[Data shown]:
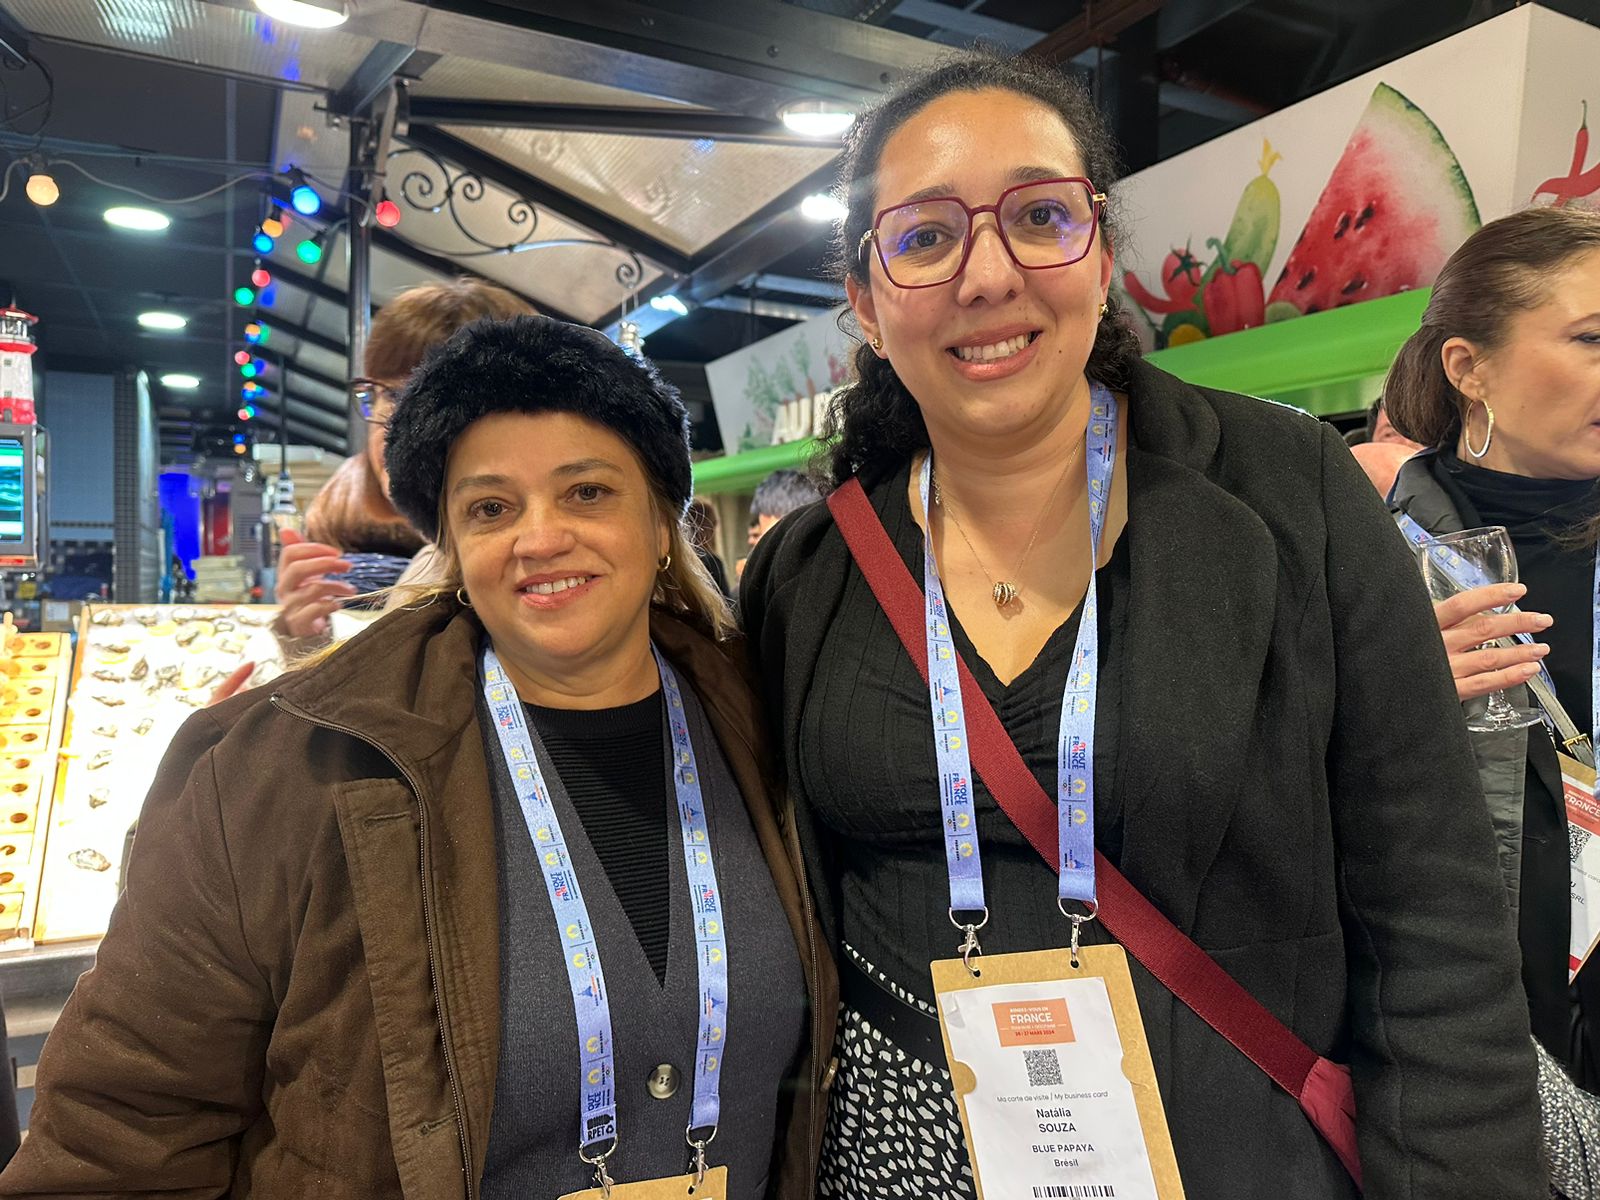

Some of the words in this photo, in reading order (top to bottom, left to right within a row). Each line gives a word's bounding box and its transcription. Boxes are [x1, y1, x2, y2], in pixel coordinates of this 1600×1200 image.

[1072, 736, 1080, 770] FRANCE
[1078, 742, 1086, 770] ATOUT
[952, 773, 962, 805] FRANCE
[959, 778, 968, 804] ATOUT
[1564, 793, 1600, 817] FRANCE
[550, 873, 562, 897] ATOUT
[556, 871, 570, 901] FRANCE
[1010, 1012, 1053, 1024] FRANCE
[1033, 1093, 1049, 1101] visite
[1054, 1093, 1064, 1101] My
[1065, 1092, 1092, 1100] business
[1093, 1090, 1108, 1098] card
[1036, 1107, 1072, 1118] Natália
[587, 1126, 605, 1141] RPET
[1038, 1122, 1077, 1133] SOUZA
[1032, 1144, 1056, 1153] BLUE
[1057, 1143, 1095, 1152] PAPAYA
[1053, 1158, 1079, 1167] Brésil
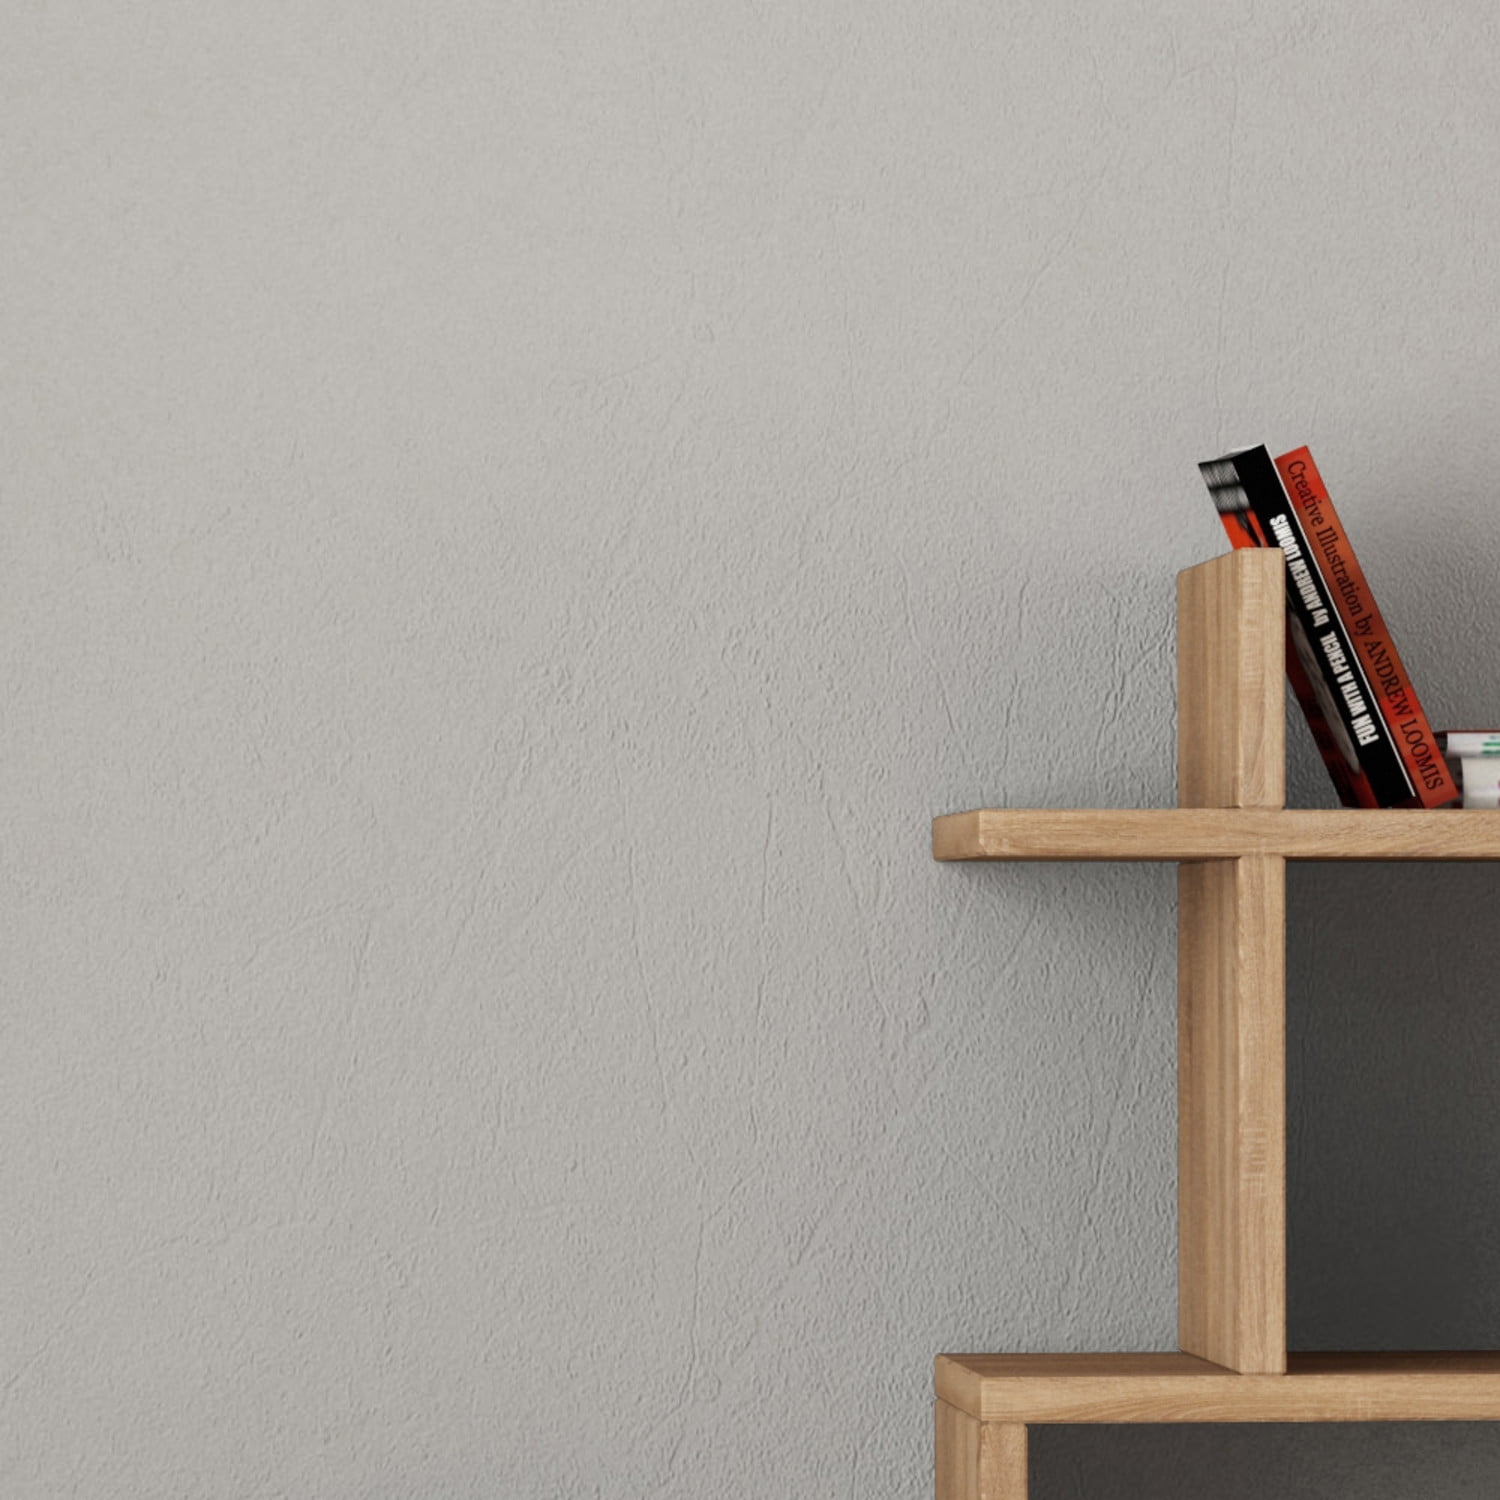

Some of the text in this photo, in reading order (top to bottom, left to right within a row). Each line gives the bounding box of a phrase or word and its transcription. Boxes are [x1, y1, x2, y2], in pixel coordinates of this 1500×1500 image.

[1268, 513, 1379, 746] FUN WITH A PENCIL by ANDREW LOOMIS
[1288, 459, 1444, 791] Creative Illustration by ANDREW LOOMIS

[Work to complete]: Give the material again exactly as it is, but keep the pictures out.

[Exercise output]:
Some of the words in this photo, in reading order (top to bottom, left to right within a row). Each line gives a word's bounding box and its transcription. Boxes are [x1, y1, x2, y2], in pixel coordinates of this 1600×1200 image.

[1072, 736, 1080, 770] FRANCE
[1078, 742, 1086, 770] ATOUT
[952, 773, 962, 805] FRANCE
[959, 778, 968, 804] ATOUT
[1564, 793, 1600, 817] FRANCE
[550, 873, 562, 897] ATOUT
[556, 871, 570, 901] FRANCE
[1010, 1012, 1053, 1024] FRANCE
[1033, 1093, 1049, 1101] visite
[1054, 1093, 1064, 1101] My
[1065, 1092, 1092, 1100] business
[1093, 1090, 1108, 1098] card
[1036, 1107, 1072, 1118] Natália
[587, 1126, 605, 1141] RPET
[1038, 1122, 1077, 1133] SOUZA
[1032, 1144, 1056, 1153] BLUE
[1057, 1143, 1095, 1152] PAPAYA
[1053, 1158, 1079, 1167] Brésil

Some of the text in this photo, in reading order (top to bottom, left to right within a row). Each line gives the bounding box of a phrase or word and its transcription. Boxes are [x1, y1, x2, y2], in pixel coordinates of this 1500×1500 image.

[1268, 513, 1379, 746] FUN WITH A PENCIL by ANDREW LOOMIS
[1288, 459, 1444, 791] Creative Illustration by ANDREW LOOMIS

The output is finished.